Is US Secretary of State Condoleezza Rice no longer in the loop on Washington's Pakistan policy?

At any rate, Rice appeared altogether unaware of the leak to the New York Times last Sunday that President George W Bush has finally decided to send "an unusually tough message" to Pakistani President General Pervez Musharraf that unless the latter played ball with grit and sincerity in curbing Taliban activities inside Pakistani territory, Washington would be constrained to cut



aid.

Rice wasn't prepared to pay attention to the leak. On the contrary, in an interview with American Broadcasting Co television on Sunday, she paid her most handsome tribute ever to Musharraf. She spared no effort to let it be known that Washington regards him as a gallant soldier.

Rice said: "This has been a stalwart fighter, Pakistan's Musharraf, in this fight. Let's remember that al-Qaeda tried to kill him a couple of times [actually, according to Musharraf, five times] and the Pakistani leadership knows that al-Qaeda would like nothing better than to destabilize Pakistan and to use Pakistan as a base rather than Afghanistan for its operations."

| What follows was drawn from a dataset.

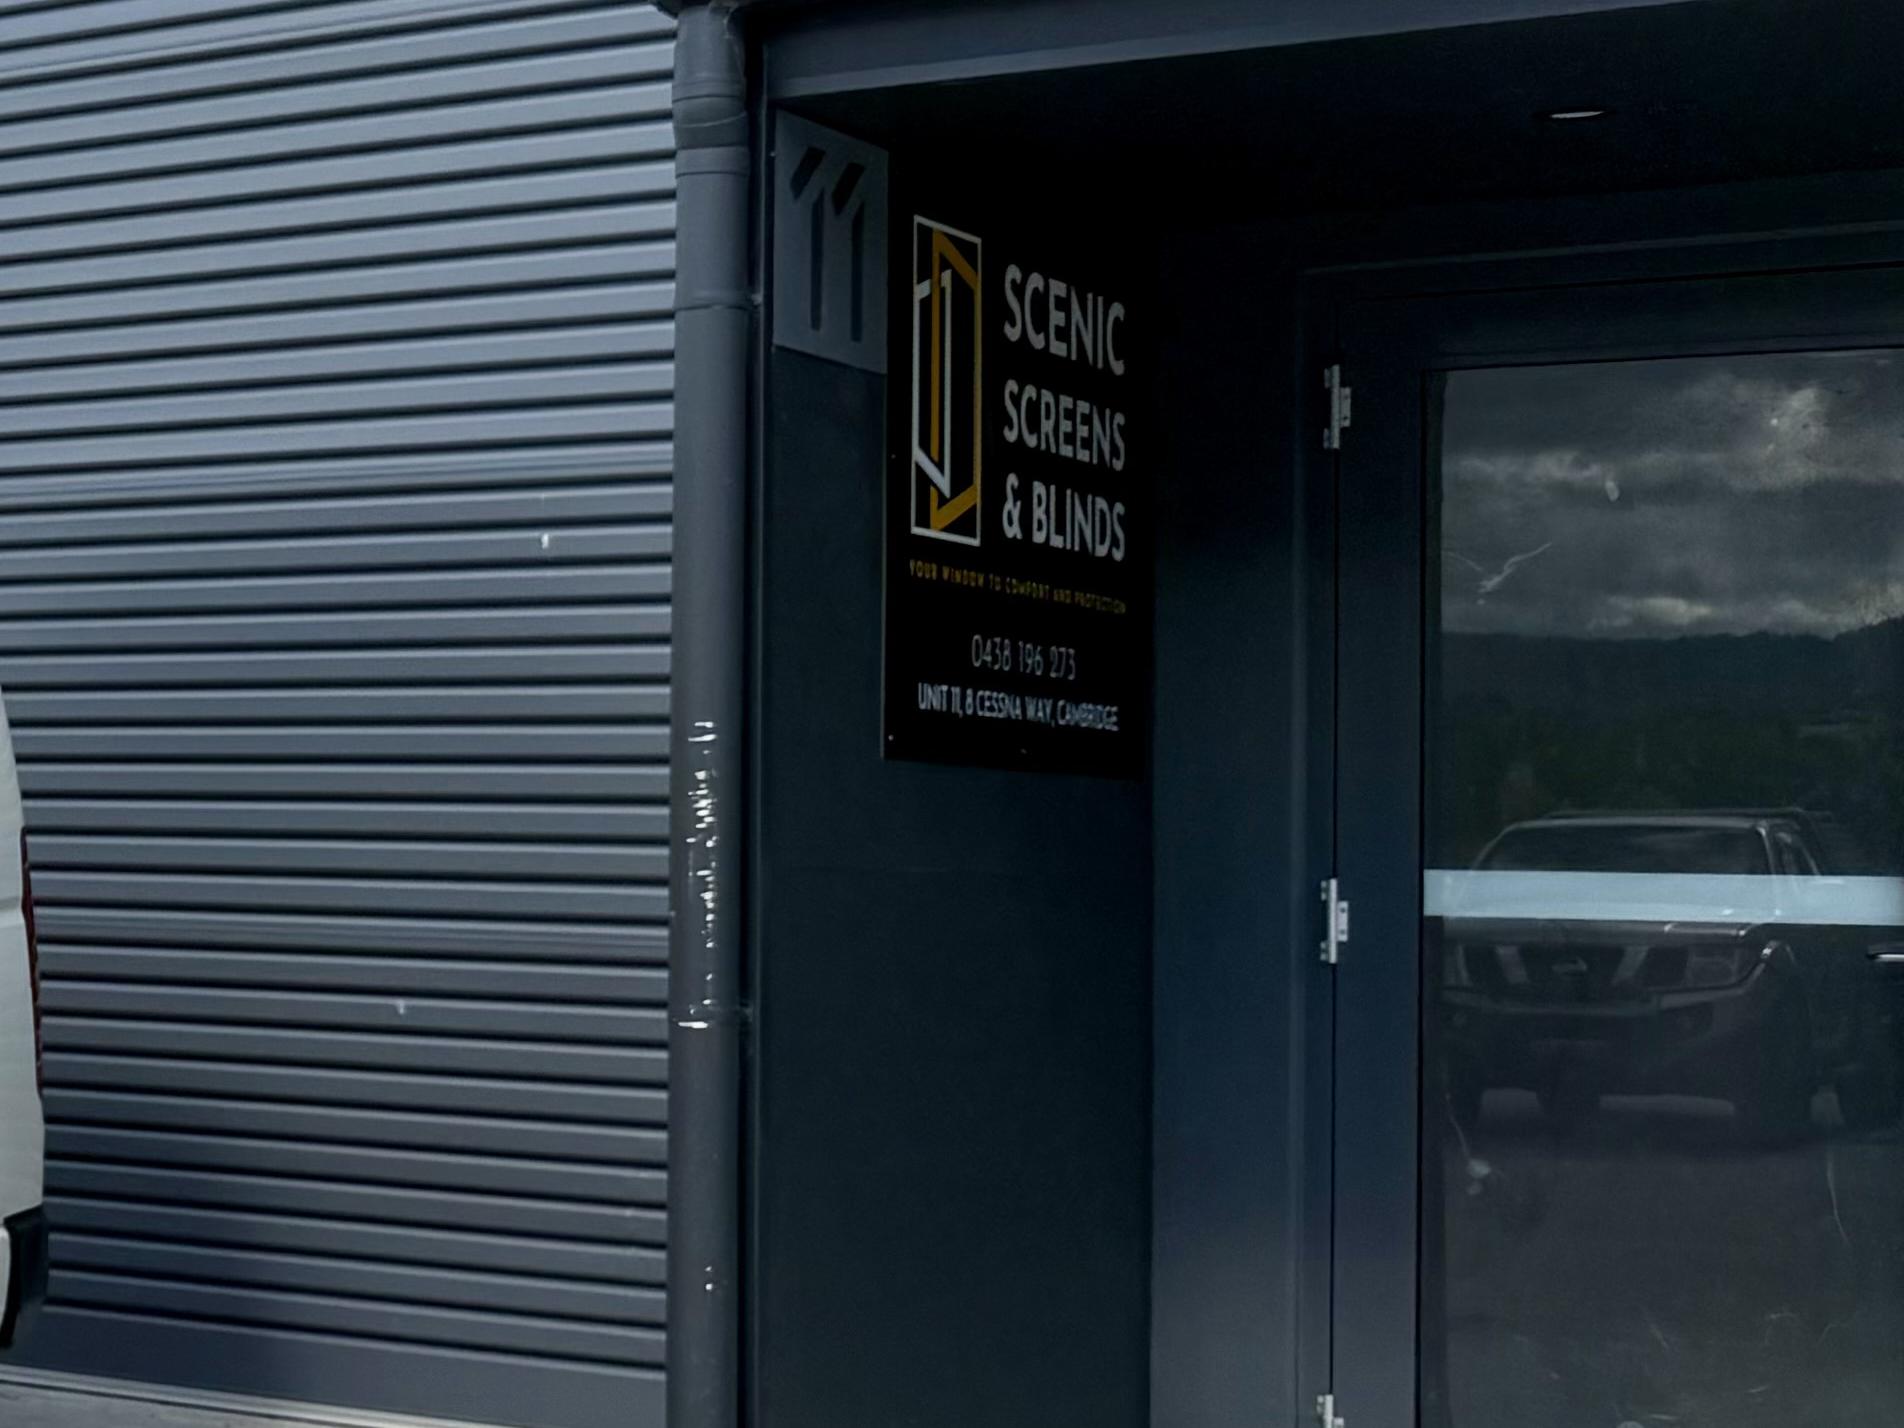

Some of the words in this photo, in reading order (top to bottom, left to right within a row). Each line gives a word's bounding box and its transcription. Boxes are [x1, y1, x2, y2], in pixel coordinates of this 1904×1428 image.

A day later, US State Department spokesman Sean McCormack repeated Rice's warm sentiment. Lauding Musharraf's new border strategy in the lawless Pakistani tribal agencies bordering Afghanistan, McCormack said, "Let me reiterate and underline that President Musharraf is a good ally in the war on terror, Pakistan is a strong fighter in the war on terror ... Steps have been taken, cooperation has improved." He wasn't to be drawn into the "leak" either.

Rice was justified in ignoring the leaks in the New York Times. After all, the daily carried so many leaks in the run-up to the invasion of Iraq that the venerable newspaper finally ended up apologizing.

War clouds in the Persian Gulf
Besides, with another war looming, there are leaks galore in Washington. The frequency of these is increasing in almost direct proportion to the descent of the fog of war in the Persian Gulf region. Everyone, or almost everyone, including great powers, has begun hedging. It is difficult to recall another instance in recent memory when the Kremlin chose to release to the media excerpts of a sensitive cabinet discussion anticipating an impending war.

At that meeting presided over by President Vladimir Putin in Moscow on Monday, Foreign Minister Sergei Lavrov referred to "the increasingly frequent and worrying predictions that air strikes will be launched against Iran. In particular, the US vice president [Dick Cheney] mentioned such a possibility."

Whereupon Putin asked: "What are we talking about here - strikes that do not have United Nations Security Council authorization?"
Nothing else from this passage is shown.